My apologies. Those topics sound fascinating. Can you provide some recommended links to learn more about asynchrony and overexcitabilities? Thanks!

Allegedly Gifted
8/21/2017 12:14:44 pm

For a quick read on asynchronous development, check out "Many Ages at Once" by Lisa Rivero at https://www.psychologytoday.com/blog/creative-synthesis/201201/many-ages-once

(Supposedly asynchrony is only an issue with children and adolescents, but I still seem to have issues with this in my thirties.)
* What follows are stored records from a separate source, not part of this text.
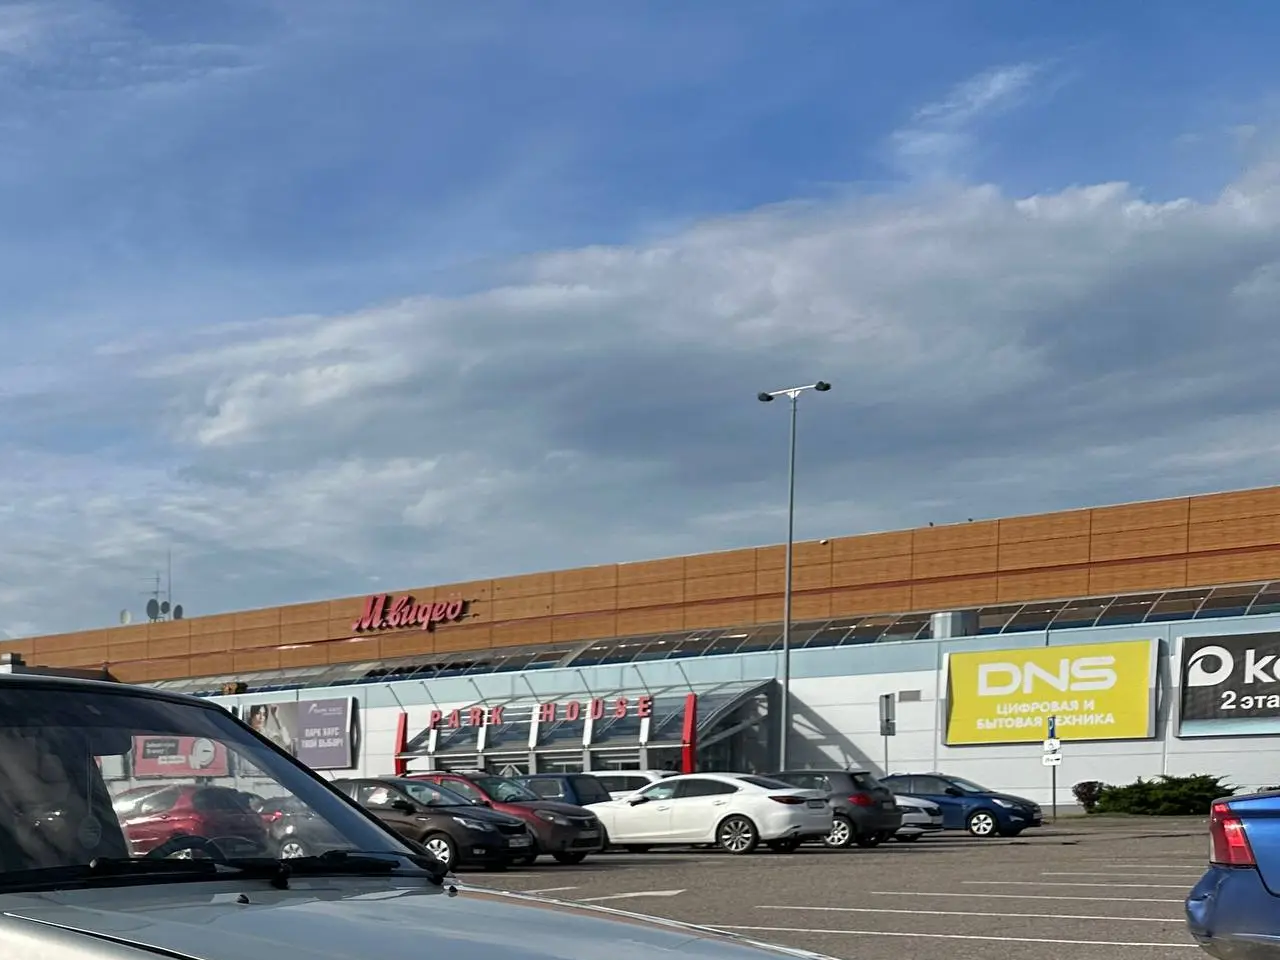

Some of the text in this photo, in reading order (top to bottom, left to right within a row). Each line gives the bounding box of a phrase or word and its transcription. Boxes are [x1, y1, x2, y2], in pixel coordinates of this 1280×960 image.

[352, 593, 463, 631] М.видео
[977, 655, 1118, 697] DNS
[1243, 648, 1280, 684] k
[429, 695, 654, 730] PARK HOUSE
[996, 699, 1095, 715] ЦИФРОВАЯ И
[1220, 690, 1237, 710] 2
[976, 712, 1115, 730] БЫТОВАЯ ЕХНИКА
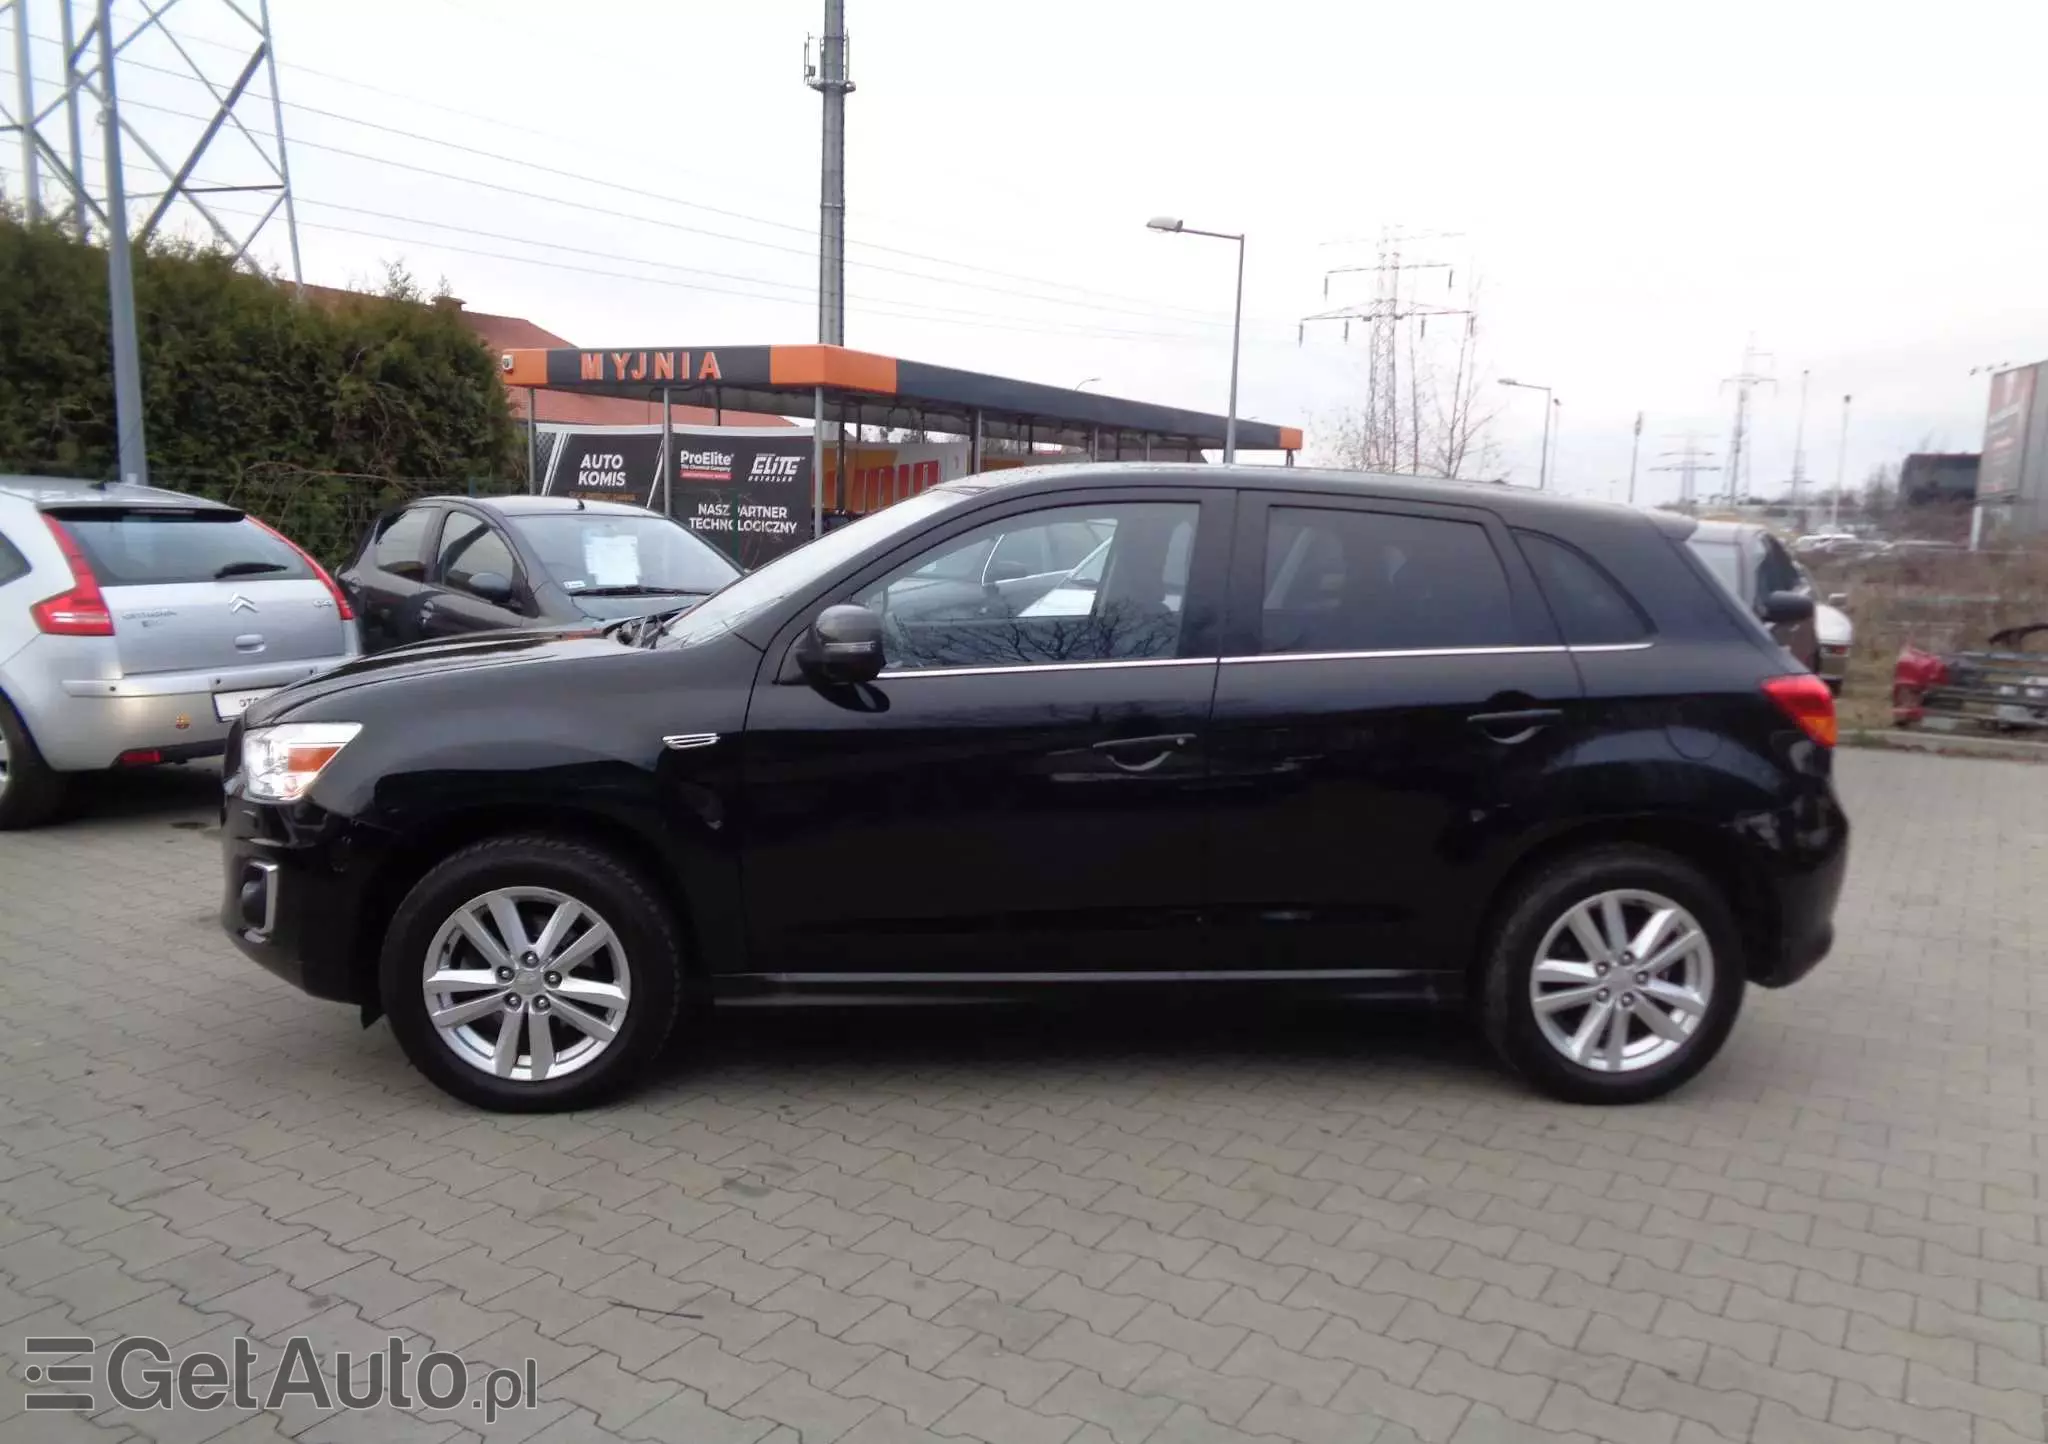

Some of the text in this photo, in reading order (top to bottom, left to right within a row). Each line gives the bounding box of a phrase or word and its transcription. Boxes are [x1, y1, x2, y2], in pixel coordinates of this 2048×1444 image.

[581, 351, 722, 380] MYJNIA
[580, 453, 624, 470] AUTO
[578, 470, 627, 487] KOMIS
[698, 503, 731, 517] NASZ
For overexcitabilities and other non-IQ concepts of giftedness, check out the Summer 2015 Talent Newsletter of the Northwestern Center for Talent Development. It includes an interview with Daniel Winkler, who is actually critical of the concept of overexcitabilities, but he gives an excellent overview and definition of these concepts. http://www.ctd.northwestern.edu/summer-2015-talent-newsletter

If you're in the mood for a book, I recommend "Living with Intensity," edited by Susan Daniels and Michael M. Piechowski. The book is a great overview of various approaches to giftedness that are NOT based on IQ. (The book makes only two minor references to IQ.) It also has some sections on philosophical and spiritual approaches to giftedness that are along the same lines as the Old Soul concept you were talking about. Plus, it talks about gifted adults -- too many sources focus only on gifted children.
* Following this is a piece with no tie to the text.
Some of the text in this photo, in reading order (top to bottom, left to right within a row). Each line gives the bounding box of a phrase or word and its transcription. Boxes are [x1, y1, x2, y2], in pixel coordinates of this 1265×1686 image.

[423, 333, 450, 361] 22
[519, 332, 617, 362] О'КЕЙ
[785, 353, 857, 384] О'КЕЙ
Speaking of the Old Soul concept, you should check out Dabrowski's theory of moral development ("positive disintegration"), which is mentioned in the talent newsletter interview and talked about in the intensity book. His "levels" of moral development are similar in spirit to what you were talking about regarding the "age" of souls. I'm not too into it myself, but it's definitely interesting stuff.

Papabear
8/20/2017 04:08:53 pm

"Allegedly Gifted" is correct that IQ tests are not all that accurate, except in very general terms. Mine has been measured everywhere between 136 and 155. It kind of depends on the test, which is the problem. Also, there are all kinds of intelligence. Just because someone has problems with an IQ test doesn't mean they are not smart in other ways. Critics of IQ tests often point out that they are more geared to white people who live middle and upperclass lives, while, say, a young black person coming from a bad school district and poor family situation would have more difficulty. Doesn't mean that he is dumb, just not suited to the test.

Reply
Allegedly Gifted
8/21/2017 12:17:05 pm

Another issue with IQ tests is that in "twice exceptional" cases where an individual is both gifted and mentally disabled at the same time (yes, it's possible), the giftedness and the mental disability can cancel each other out in a testing environment, causing both the giftedness and the mental disability to be missed. Modern methods of identifying giftedness do not rely solely on a score from an IQ test.

In short, don't rule out giftedness just because of what an IQ test says.

Reply
Charleston
8/21/2017 12:40:59 pm

Oh yes, I'm for certain that IQ tests are have their flaws, including race/gender biases and not considering other forms of intelligence. I'm just being curious is all. You are one fascinating specimen, Papa Bear :-)

Reply
Troj
8/23/2017 08:13:24 pm

Old soul roll call, sound off now!

I felt very much the same way Cobalt did--and truth be told, I still often do. But, as I've gotten older, I've been able to meet and befriend many people who are more on my "wavelength," and I've also learned how to appreciate and take interest in the people who aren't.

You may also find that as you continue to grow and mature, so, too, will your peers. Some of them may turn out to be pretty cool people once they hit their 20s, 30s, or 40s, so take heart!

I hope Cobalt's therapist can help him to evaluate his beliefs and expectations vis-a-vis people and relationships, and help him to cultivate and practice various strategies for quickly sizing up toxic people and discovering the diamonds in the rough.